La version finale du livret par Gilbert date de 1911, lorsqu'il fut inclus dans le quatrième volume de ses Original Plays. Cependant, Gilbert mourut avant de pouvoir corriger les épreuves de cette édition, et le texte de 1871 fut donc réimprimé, en corrigeant seulement ... quelques fautes d'orthographe.
B.1.6) Après Thespis
Au cours des trois années suivantes, Gilbert et Sullivan n'eurent plus l'occasion de travailler ensemble, mais chacun devint plus reconnu dans son domaine.
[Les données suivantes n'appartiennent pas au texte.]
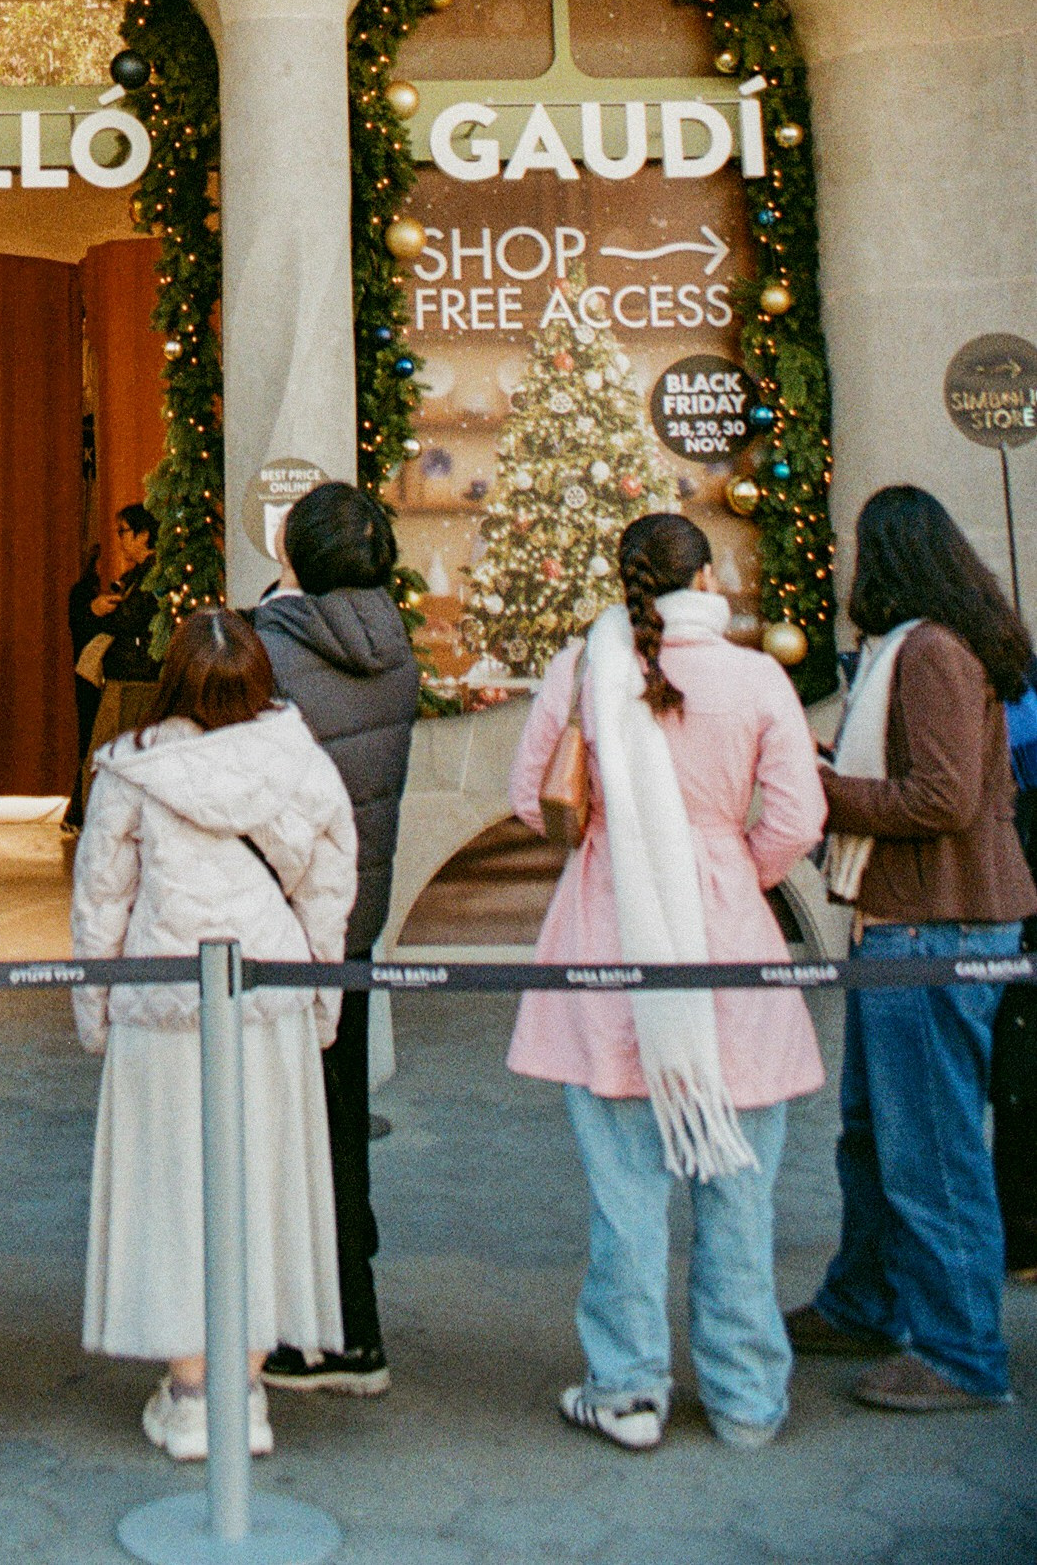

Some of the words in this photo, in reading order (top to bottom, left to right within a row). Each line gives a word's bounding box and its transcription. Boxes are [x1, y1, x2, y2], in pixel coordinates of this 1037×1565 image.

[429, 75, 767, 181] GAUDÍ
[414, 227, 586, 281] SHOP
[415, 288, 523, 330] FREE
[540, 284, 733, 329] ACCESS
[665, 372, 742, 394] BLACK
[663, 394, 746, 415] FRIDAY
[684, 437, 730, 453] NOV.
[261, 469, 286, 482] BEST
[288, 469, 321, 482] PRICE
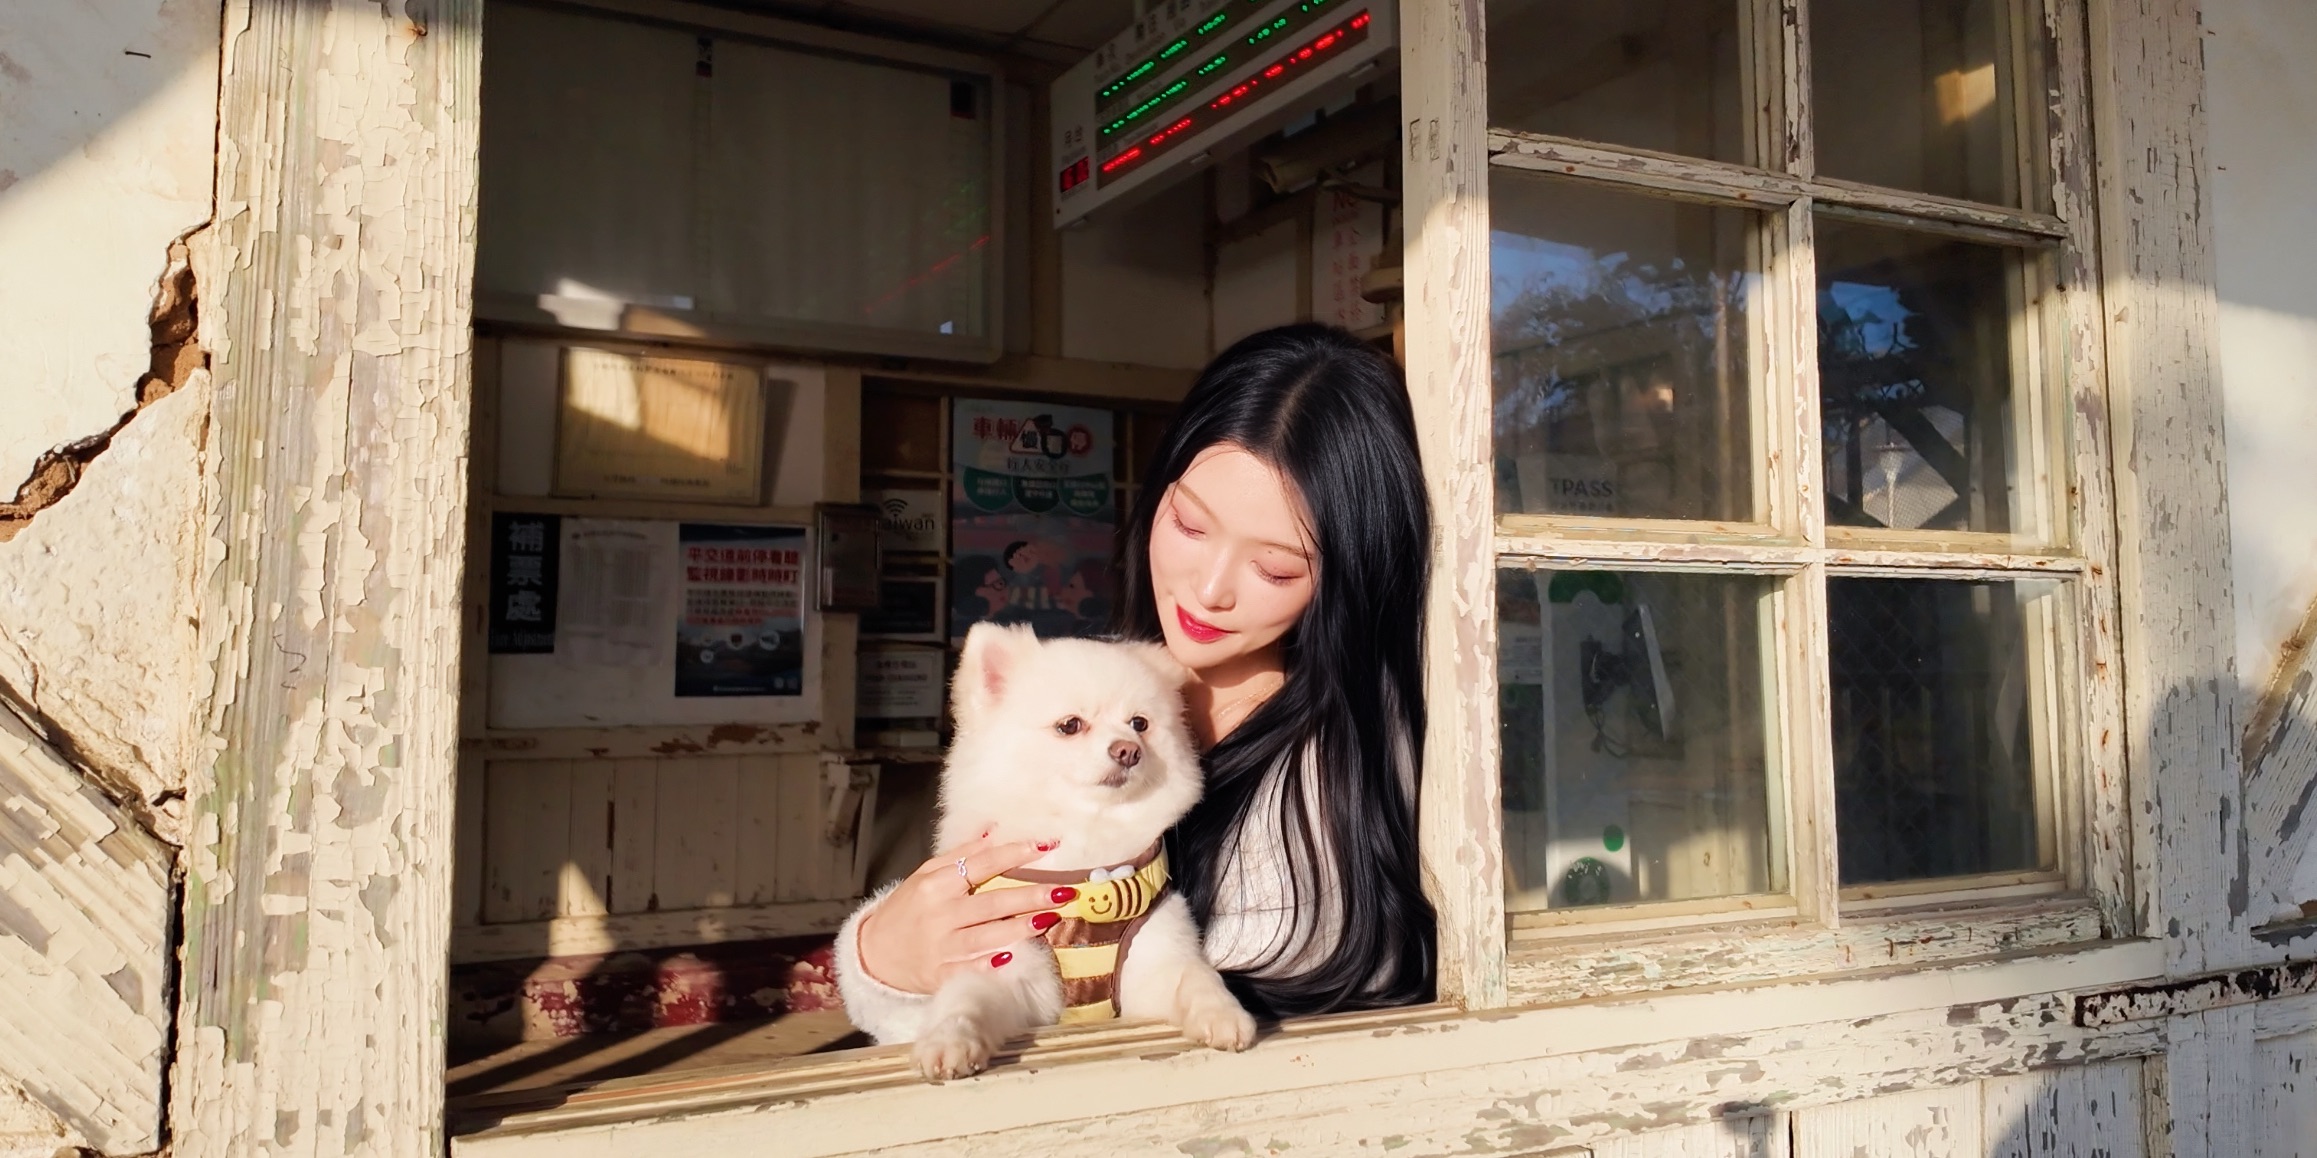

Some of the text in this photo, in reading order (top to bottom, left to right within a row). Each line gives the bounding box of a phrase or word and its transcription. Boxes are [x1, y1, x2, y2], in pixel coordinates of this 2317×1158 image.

[1548, 477, 1613, 497] TPASS
[687, 547, 799, 565] 平交道前停看聽
[505, 520, 545, 622] 補票處
Gilbert a travaillé avec Frederic Clay sur Happy Arcadia (1872) et Alfred Cellier sur Topsyturveydom (1874) et a écrit The Wicked World (1873), Sweethearts (1874) et plusieurs autres livrets, farces, extravagances, comédies de fées, drames et adaptations.
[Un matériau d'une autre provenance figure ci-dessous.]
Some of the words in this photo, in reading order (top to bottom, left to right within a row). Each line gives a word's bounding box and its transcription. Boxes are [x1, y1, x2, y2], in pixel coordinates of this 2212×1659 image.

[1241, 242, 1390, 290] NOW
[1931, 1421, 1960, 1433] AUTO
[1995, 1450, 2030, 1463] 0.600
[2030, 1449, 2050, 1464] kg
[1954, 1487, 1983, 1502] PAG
Sullivan a terminé son Festival Te Deum (1872); un autre oratorio, The Light of the World (1873); son seul cycle de chansons, The Window; or, The Songs of the Wrens (1871); musique de scène pour The Merry Wives of Windsor (1874); et d'autres chansons, ballades de salon et hymnes.
Dans le même temps, le public des théâtres augmentait en raison de divers critères:
- la croissance rapide de la population britannique
- l'amélioration de l'éducation et du niveau de vie, notamment de la classe moyenne
- l'amélioration des transports publics
- l'installation d'un éclairage public, qui a rendu le voyage de retour du théâtre plus sûr.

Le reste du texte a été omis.